» **Your instructions**:
Beginning at the line that includes "this 1280×1707 image.", print each remaining line of the data word for word. Output nothing else.

Spatial localization data:
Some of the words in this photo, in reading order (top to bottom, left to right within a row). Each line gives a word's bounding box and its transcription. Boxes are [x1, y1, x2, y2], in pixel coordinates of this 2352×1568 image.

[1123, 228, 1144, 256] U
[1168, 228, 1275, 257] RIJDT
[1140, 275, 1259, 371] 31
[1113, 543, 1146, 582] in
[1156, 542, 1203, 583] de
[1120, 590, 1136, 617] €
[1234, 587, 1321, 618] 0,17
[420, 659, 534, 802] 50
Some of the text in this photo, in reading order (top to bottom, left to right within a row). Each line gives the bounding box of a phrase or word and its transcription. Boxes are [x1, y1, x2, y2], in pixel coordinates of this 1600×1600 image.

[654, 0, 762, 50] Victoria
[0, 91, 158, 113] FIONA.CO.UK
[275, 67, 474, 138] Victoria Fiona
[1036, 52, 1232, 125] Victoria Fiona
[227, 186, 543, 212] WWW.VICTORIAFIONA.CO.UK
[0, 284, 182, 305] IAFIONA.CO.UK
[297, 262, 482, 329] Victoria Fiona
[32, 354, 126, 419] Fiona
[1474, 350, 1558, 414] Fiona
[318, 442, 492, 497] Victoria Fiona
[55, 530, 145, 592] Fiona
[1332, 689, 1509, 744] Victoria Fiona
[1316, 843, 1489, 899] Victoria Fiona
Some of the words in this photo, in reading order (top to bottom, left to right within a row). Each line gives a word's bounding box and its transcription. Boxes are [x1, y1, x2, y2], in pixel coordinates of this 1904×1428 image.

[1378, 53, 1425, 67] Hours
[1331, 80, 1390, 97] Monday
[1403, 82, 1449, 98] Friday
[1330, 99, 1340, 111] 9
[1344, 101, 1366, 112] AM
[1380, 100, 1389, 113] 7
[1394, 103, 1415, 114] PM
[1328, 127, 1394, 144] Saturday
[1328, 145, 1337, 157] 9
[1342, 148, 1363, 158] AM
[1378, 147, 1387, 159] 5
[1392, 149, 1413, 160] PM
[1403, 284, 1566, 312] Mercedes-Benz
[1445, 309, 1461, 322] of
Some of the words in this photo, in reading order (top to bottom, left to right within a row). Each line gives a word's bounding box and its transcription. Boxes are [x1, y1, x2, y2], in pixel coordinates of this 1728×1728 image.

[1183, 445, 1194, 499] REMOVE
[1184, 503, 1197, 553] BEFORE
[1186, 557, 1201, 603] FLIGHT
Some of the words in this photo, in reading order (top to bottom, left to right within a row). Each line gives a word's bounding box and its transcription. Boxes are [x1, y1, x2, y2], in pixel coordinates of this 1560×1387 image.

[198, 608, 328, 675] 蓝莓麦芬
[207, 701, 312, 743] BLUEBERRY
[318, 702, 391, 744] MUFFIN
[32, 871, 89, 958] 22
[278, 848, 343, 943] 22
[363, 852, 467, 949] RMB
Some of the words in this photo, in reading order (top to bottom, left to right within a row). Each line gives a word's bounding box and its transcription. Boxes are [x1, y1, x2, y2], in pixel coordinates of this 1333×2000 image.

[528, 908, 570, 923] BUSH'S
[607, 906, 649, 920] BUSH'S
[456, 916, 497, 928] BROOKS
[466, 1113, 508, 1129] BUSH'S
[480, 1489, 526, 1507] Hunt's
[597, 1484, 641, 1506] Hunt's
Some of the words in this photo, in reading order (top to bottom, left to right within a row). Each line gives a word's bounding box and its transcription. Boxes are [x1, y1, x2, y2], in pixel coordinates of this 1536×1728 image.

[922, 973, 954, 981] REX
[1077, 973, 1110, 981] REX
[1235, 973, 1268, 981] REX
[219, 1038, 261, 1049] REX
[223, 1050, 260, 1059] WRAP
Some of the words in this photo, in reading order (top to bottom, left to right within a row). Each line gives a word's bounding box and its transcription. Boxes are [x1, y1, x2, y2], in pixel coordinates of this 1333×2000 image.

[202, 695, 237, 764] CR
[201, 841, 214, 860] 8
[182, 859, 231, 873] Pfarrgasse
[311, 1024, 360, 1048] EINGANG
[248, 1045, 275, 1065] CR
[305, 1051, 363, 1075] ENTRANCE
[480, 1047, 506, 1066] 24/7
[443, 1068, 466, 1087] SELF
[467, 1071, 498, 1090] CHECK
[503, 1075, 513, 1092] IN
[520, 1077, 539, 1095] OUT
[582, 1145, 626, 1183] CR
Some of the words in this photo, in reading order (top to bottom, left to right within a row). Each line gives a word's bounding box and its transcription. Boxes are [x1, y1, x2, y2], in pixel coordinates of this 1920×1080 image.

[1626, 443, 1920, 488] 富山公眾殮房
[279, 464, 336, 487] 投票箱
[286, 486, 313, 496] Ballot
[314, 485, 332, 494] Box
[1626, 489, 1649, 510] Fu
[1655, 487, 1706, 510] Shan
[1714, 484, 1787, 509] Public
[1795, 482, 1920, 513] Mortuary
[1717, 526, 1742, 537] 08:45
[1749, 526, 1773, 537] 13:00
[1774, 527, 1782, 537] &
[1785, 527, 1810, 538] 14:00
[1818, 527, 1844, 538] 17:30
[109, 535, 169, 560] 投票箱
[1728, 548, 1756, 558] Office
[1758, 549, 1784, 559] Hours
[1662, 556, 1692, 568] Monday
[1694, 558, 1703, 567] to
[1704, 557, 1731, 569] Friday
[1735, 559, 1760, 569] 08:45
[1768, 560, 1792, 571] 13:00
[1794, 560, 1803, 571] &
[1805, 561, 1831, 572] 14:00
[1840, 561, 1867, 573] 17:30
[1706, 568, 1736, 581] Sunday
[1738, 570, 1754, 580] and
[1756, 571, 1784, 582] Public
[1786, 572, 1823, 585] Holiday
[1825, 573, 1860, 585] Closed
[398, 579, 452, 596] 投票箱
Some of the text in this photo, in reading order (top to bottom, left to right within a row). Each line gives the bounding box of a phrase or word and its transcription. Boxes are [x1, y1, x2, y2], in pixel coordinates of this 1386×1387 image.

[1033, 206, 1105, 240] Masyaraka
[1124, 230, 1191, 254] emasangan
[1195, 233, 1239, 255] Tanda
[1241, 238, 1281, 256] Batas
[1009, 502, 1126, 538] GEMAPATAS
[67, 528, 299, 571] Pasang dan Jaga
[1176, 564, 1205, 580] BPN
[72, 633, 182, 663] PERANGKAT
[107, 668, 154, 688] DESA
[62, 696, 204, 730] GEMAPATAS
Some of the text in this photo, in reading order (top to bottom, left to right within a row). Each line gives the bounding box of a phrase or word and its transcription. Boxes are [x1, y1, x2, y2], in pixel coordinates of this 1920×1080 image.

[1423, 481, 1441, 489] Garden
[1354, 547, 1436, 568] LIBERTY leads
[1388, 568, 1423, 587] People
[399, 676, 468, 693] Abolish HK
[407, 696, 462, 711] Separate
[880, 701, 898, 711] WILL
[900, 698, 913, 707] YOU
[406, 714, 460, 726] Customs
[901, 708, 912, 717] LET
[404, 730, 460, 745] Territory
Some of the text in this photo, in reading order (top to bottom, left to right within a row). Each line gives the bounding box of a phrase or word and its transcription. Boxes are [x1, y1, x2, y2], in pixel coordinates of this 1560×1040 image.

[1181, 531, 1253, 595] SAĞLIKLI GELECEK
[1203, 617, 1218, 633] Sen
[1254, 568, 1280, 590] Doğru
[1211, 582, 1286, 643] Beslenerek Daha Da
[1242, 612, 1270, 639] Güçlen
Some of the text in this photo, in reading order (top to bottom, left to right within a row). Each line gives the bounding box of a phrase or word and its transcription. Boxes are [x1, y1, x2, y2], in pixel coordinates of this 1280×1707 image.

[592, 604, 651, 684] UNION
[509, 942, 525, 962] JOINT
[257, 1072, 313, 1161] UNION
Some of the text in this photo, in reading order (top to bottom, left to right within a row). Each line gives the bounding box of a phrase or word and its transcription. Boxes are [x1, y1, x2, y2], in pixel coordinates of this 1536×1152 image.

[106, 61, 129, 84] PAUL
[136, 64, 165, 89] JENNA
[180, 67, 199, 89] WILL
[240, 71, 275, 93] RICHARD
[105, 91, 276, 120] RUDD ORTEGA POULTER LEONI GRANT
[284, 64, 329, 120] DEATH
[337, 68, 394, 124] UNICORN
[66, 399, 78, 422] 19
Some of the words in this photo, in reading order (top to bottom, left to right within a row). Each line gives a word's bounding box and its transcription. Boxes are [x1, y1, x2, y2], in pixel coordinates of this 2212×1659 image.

» **Solution to this exercise**:
Some of the text in this photo, in reading order (top to bottom, left to right within a row). Each line gives the bounding box of a phrase or word and its transcription. Boxes are [x1, y1, x2, y2], in pixel coordinates of this 1280×1707 image.

[592, 604, 651, 684] UNION
[509, 942, 525, 962] JOINT
[257, 1072, 313, 1161] UNION
Some of the text in this photo, in reading order (top to bottom, left to right within a row). Each line gives the bounding box of a phrase or word and its transcription. Boxes are [x1, y1, x2, y2], in pixel coordinates of this 1536×1152 image.

[106, 61, 129, 84] PAUL
[136, 64, 165, 89] JENNA
[180, 67, 199, 89] WILL
[240, 71, 275, 93] RICHARD
[105, 91, 276, 120] RUDD ORTEGA POULTER LEONI GRANT
[284, 64, 329, 120] DEATH
[337, 68, 394, 124] UNICORN
[66, 399, 78, 422] 19
Some of the words in this photo, in reading order (top to bottom, left to right within a row). Each line gives a word's bounding box and its transcription. Boxes are [x1, y1, x2, y2], in pixel coordinates of this 2212×1659 image.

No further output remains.